Copy every entry exactly, but skip the pictures.
[RECORDS TO USE]
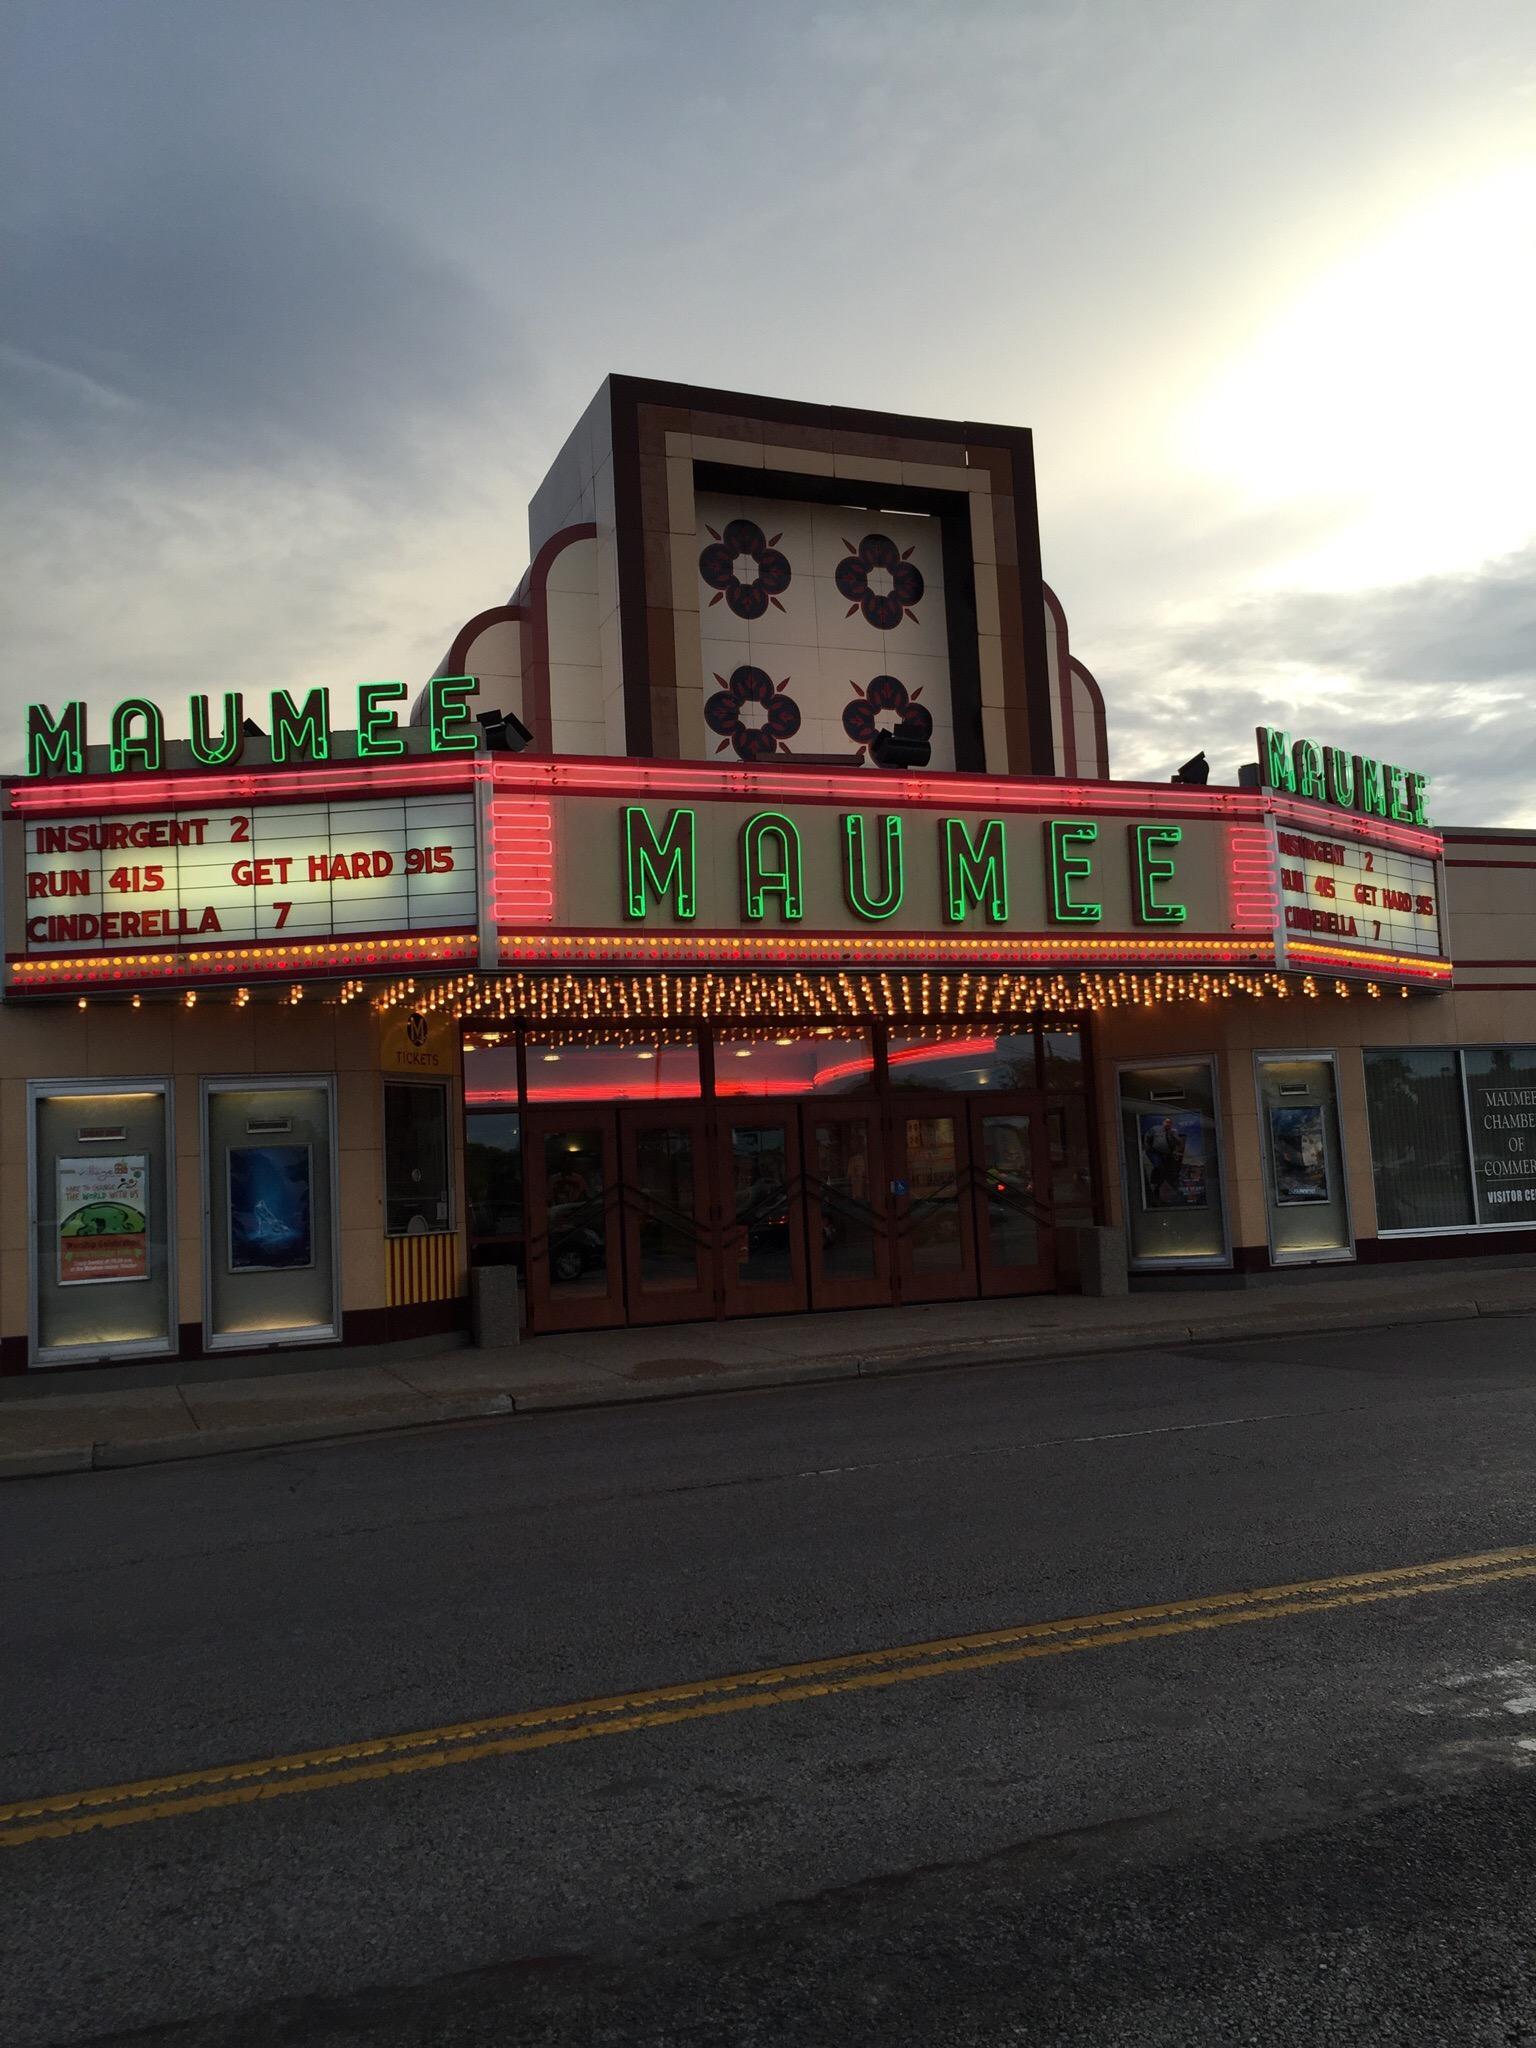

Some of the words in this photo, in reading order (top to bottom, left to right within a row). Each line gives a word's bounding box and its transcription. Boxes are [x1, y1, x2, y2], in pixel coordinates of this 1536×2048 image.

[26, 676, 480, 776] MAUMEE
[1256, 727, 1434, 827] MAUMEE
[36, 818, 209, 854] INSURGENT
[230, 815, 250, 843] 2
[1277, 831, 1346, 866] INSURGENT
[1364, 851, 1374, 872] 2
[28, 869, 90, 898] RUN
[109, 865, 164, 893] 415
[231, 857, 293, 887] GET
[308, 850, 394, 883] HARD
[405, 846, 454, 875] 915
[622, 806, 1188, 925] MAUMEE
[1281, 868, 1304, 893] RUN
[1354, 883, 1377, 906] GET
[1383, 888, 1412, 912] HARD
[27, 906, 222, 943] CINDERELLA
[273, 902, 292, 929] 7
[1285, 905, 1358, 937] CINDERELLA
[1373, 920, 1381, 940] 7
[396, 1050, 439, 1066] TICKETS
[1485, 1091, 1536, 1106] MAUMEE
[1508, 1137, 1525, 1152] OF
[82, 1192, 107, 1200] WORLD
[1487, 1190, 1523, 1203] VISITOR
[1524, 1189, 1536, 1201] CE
[/RECORDS TO USE]
◆ **FINAL ANSWER**
Some of the words in this photo, in reading order (top to bottom, left to right within a row). Each line gives a word's bounding box and its transcription. Boxes are [x1, y1, x2, y2], in pixel coordinates of this 1536×2048 image.

[26, 676, 480, 776] MAUMEE
[1256, 727, 1434, 827] MAUMEE
[36, 818, 209, 854] INSURGENT
[230, 815, 250, 843] 2
[1277, 831, 1346, 866] INSURGENT
[1364, 851, 1374, 872] 2
[28, 869, 90, 898] RUN
[109, 865, 164, 893] 415
[231, 857, 293, 887] GET
[308, 850, 394, 883] HARD
[405, 846, 454, 875] 915
[622, 806, 1188, 925] MAUMEE
[1281, 868, 1304, 893] RUN
[1354, 883, 1377, 906] GET
[1383, 888, 1412, 912] HARD
[27, 906, 222, 943] CINDERELLA
[273, 902, 292, 929] 7
[1285, 905, 1358, 937] CINDERELLA
[1373, 920, 1381, 940] 7
[396, 1050, 439, 1066] TICKETS
[1485, 1091, 1536, 1106] MAUMEE
[1508, 1137, 1525, 1152] OF
[82, 1192, 107, 1200] WORLD
[1487, 1190, 1523, 1203] VISITOR
[1524, 1189, 1536, 1201] CE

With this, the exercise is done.